'''
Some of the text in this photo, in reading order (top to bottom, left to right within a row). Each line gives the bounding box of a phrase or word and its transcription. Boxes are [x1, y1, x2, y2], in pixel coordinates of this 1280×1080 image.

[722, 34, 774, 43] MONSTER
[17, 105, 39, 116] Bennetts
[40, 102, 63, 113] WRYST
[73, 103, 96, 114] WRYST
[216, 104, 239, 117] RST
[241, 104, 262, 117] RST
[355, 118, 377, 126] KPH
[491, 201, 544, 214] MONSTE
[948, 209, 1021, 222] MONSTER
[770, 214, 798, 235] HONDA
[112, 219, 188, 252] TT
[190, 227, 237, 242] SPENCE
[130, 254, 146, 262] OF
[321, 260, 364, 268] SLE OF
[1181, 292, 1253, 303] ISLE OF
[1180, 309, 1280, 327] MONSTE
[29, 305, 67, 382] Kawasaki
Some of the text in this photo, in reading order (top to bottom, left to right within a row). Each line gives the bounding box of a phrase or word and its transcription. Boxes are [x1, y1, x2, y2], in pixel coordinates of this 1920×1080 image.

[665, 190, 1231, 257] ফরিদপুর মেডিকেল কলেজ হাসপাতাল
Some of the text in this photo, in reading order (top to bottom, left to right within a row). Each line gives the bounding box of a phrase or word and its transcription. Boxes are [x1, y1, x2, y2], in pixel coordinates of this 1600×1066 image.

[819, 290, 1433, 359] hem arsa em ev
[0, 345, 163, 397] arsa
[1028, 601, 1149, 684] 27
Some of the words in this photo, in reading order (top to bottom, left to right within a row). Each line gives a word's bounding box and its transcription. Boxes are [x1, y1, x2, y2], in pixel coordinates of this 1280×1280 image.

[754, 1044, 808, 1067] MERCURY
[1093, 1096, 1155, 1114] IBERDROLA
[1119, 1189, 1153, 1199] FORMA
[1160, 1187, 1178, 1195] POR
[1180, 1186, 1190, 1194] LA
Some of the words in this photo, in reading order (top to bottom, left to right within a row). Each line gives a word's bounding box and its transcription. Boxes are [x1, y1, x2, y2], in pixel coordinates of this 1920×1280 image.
'''
Work required
What you return must match the data line for line.

Response
Some of the text in this photo, in reading order (top to bottom, left to right within a row). Each line gives the bounding box of a phrase or word and its transcription. Boxes are [x1, y1, x2, y2], in pixel coordinates of this 1280×1080 image.

[722, 34, 774, 43] MONSTER
[17, 105, 39, 116] Bennetts
[40, 102, 63, 113] WRYST
[73, 103, 96, 114] WRYST
[216, 104, 239, 117] RST
[241, 104, 262, 117] RST
[355, 118, 377, 126] KPH
[491, 201, 544, 214] MONSTE
[948, 209, 1021, 222] MONSTER
[770, 214, 798, 235] HONDA
[112, 219, 188, 252] TT
[190, 227, 237, 242] SPENCE
[130, 254, 146, 262] OF
[321, 260, 364, 268] SLE OF
[1181, 292, 1253, 303] ISLE OF
[1180, 309, 1280, 327] MONSTE
[29, 305, 67, 382] Kawasaki
Some of the text in this photo, in reading order (top to bottom, left to right within a row). Each line gives the bounding box of a phrase or word and its transcription. Boxes are [x1, y1, x2, y2], in pixel coordinates of this 1920×1080 image.

[665, 190, 1231, 257] ফরিদপুর মেডিকেল কলেজ হাসপাতাল
Some of the text in this photo, in reading order (top to bottom, left to right within a row). Each line gives the bounding box of a phrase or word and its transcription. Boxes are [x1, y1, x2, y2], in pixel coordinates of this 1600×1066 image.

[819, 290, 1433, 359] hem arsa em ev
[0, 345, 163, 397] arsa
[1028, 601, 1149, 684] 27
Some of the words in this photo, in reading order (top to bottom, left to right within a row). Each line gives a word's bounding box and its transcription. Boxes are [x1, y1, x2, y2], in pixel coordinates of this 1280×1280 image.

[754, 1044, 808, 1067] MERCURY
[1093, 1096, 1155, 1114] IBERDROLA
[1119, 1189, 1153, 1199] FORMA
[1160, 1187, 1178, 1195] POR
[1180, 1186, 1190, 1194] LA
Some of the words in this photo, in reading order (top to bottom, left to right within a row). Each line gives a word's bounding box and its transcription. Boxes are [x1, y1, x2, y2], in pixel coordinates of this 1920×1280 image.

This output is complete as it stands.